*** Input data

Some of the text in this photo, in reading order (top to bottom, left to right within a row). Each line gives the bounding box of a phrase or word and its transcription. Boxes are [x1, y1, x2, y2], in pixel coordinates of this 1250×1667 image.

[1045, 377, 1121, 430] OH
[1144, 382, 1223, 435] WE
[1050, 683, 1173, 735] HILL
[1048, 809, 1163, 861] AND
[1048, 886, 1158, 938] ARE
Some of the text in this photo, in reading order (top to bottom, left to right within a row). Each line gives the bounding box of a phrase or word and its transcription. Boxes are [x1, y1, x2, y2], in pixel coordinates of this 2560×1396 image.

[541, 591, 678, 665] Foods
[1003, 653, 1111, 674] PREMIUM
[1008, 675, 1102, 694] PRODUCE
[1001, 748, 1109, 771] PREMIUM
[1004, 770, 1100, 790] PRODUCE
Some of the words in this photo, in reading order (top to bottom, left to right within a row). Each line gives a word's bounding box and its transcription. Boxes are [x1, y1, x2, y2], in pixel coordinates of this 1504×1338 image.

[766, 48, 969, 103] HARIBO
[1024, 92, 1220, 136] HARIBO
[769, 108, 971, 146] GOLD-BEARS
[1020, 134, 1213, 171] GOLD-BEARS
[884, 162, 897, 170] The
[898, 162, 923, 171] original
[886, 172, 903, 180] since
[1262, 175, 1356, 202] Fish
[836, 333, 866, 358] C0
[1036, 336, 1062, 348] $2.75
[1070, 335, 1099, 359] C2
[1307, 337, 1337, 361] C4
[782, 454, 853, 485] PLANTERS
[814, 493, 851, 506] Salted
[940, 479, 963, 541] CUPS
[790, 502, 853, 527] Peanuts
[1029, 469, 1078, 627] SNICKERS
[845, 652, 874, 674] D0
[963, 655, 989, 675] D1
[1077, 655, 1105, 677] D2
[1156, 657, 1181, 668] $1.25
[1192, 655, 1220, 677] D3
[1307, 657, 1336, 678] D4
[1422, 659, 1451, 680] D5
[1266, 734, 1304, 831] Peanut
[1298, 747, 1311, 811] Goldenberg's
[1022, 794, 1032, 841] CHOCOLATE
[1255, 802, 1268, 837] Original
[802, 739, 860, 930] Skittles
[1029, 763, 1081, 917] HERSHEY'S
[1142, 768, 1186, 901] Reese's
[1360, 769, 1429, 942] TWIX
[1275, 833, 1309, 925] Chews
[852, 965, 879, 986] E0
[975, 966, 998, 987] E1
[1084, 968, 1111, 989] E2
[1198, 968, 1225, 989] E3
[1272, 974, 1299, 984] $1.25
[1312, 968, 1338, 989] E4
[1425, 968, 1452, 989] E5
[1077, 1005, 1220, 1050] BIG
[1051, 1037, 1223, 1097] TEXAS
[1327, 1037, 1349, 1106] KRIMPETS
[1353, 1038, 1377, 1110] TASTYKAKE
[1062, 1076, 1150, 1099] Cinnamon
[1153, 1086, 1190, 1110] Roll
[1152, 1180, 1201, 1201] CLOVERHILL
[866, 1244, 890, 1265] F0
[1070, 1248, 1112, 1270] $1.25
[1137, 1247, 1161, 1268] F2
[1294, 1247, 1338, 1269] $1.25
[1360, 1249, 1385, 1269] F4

******

Exercise »
Restating all of the data exactly is the whole task.

Task answer »
Some of the text in this photo, in reading order (top to bottom, left to right within a row). Each line gives the bounding box of a phrase or word and its transcription. Boxes are [x1, y1, x2, y2], in pixel coordinates of this 1250×1667 image.

[1045, 377, 1121, 430] OH
[1144, 382, 1223, 435] WE
[1050, 683, 1173, 735] HILL
[1048, 809, 1163, 861] AND
[1048, 886, 1158, 938] ARE
Some of the text in this photo, in reading order (top to bottom, left to right within a row). Each line gives the bounding box of a phrase or word and its transcription. Boxes are [x1, y1, x2, y2], in pixel coordinates of this 2560×1396 image.

[541, 591, 678, 665] Foods
[1003, 653, 1111, 674] PREMIUM
[1008, 675, 1102, 694] PRODUCE
[1001, 748, 1109, 771] PREMIUM
[1004, 770, 1100, 790] PRODUCE
Some of the words in this photo, in reading order (top to bottom, left to right within a row). Each line gives a word's bounding box and its transcription. Boxes are [x1, y1, x2, y2], in pixel coordinates of this 1504×1338 image.

[766, 48, 969, 103] HARIBO
[1024, 92, 1220, 136] HARIBO
[769, 108, 971, 146] GOLD-BEARS
[1020, 134, 1213, 171] GOLD-BEARS
[884, 162, 897, 170] The
[898, 162, 923, 171] original
[886, 172, 903, 180] since
[1262, 175, 1356, 202] Fish
[836, 333, 866, 358] C0
[1036, 336, 1062, 348] $2.75
[1070, 335, 1099, 359] C2
[1307, 337, 1337, 361] C4
[782, 454, 853, 485] PLANTERS
[814, 493, 851, 506] Salted
[940, 479, 963, 541] CUPS
[790, 502, 853, 527] Peanuts
[1029, 469, 1078, 627] SNICKERS
[845, 652, 874, 674] D0
[963, 655, 989, 675] D1
[1077, 655, 1105, 677] D2
[1156, 657, 1181, 668] $1.25
[1192, 655, 1220, 677] D3
[1307, 657, 1336, 678] D4
[1422, 659, 1451, 680] D5
[1266, 734, 1304, 831] Peanut
[1298, 747, 1311, 811] Goldenberg's
[1022, 794, 1032, 841] CHOCOLATE
[1255, 802, 1268, 837] Original
[802, 739, 860, 930] Skittles
[1029, 763, 1081, 917] HERSHEY'S
[1142, 768, 1186, 901] Reese's
[1360, 769, 1429, 942] TWIX
[1275, 833, 1309, 925] Chews
[852, 965, 879, 986] E0
[975, 966, 998, 987] E1
[1084, 968, 1111, 989] E2
[1198, 968, 1225, 989] E3
[1272, 974, 1299, 984] $1.25
[1312, 968, 1338, 989] E4
[1425, 968, 1452, 989] E5
[1077, 1005, 1220, 1050] BIG
[1051, 1037, 1223, 1097] TEXAS
[1327, 1037, 1349, 1106] KRIMPETS
[1353, 1038, 1377, 1110] TASTYKAKE
[1062, 1076, 1150, 1099] Cinnamon
[1153, 1086, 1190, 1110] Roll
[1152, 1180, 1201, 1201] CLOVERHILL
[866, 1244, 890, 1265] F0
[1070, 1248, 1112, 1270] $1.25
[1137, 1247, 1161, 1268] F2
[1294, 1247, 1338, 1269] $1.25
[1360, 1249, 1385, 1269] F4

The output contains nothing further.